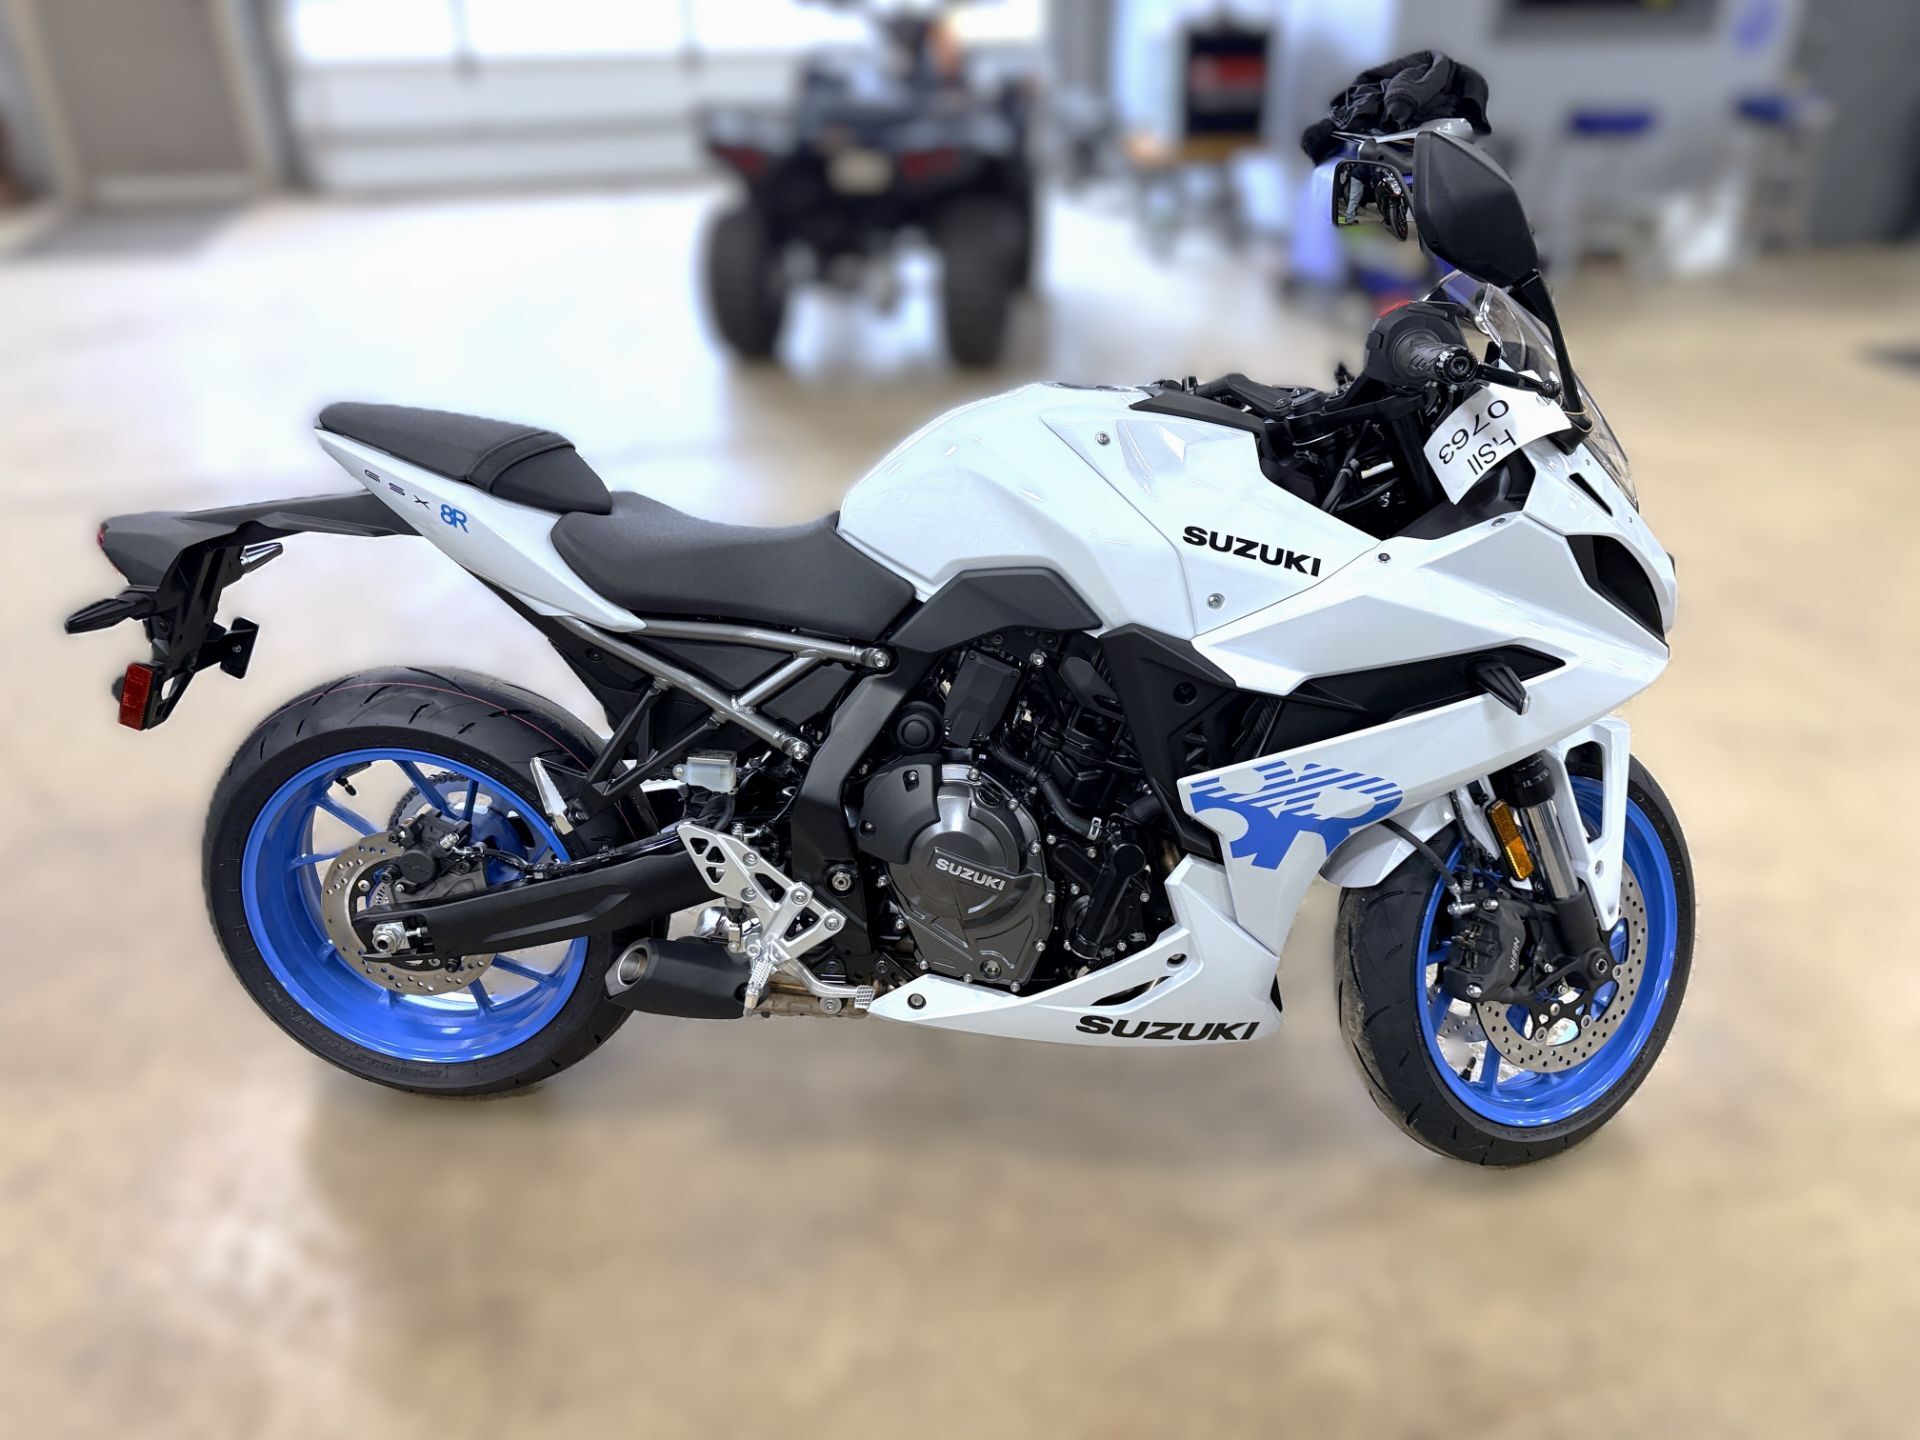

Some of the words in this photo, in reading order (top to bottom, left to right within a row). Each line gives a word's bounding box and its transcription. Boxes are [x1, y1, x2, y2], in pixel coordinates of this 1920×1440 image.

[1438, 399, 1510, 465] 0763
[440, 503, 469, 534] 8R
[1182, 525, 1322, 577] SUZUKI
[935, 857, 1007, 891] SUZUKI
[1075, 1015, 1261, 1041] SUZUKI

Aim of the exercise: Before printing anything, remove the pictures; then print all the records exactly.

Solution for this exercise:
Some of the words in this photo, in reading order (top to bottom, left to right within a row). Each line gives a word's bounding box and its transcription. Boxes are [x1, y1, x2, y2], in pixel coordinates of this 1920×1440 image.

[1438, 399, 1510, 465] 0763
[440, 503, 469, 534] 8R
[1182, 525, 1322, 577] SUZUKI
[935, 857, 1007, 891] SUZUKI
[1075, 1015, 1261, 1041] SUZUKI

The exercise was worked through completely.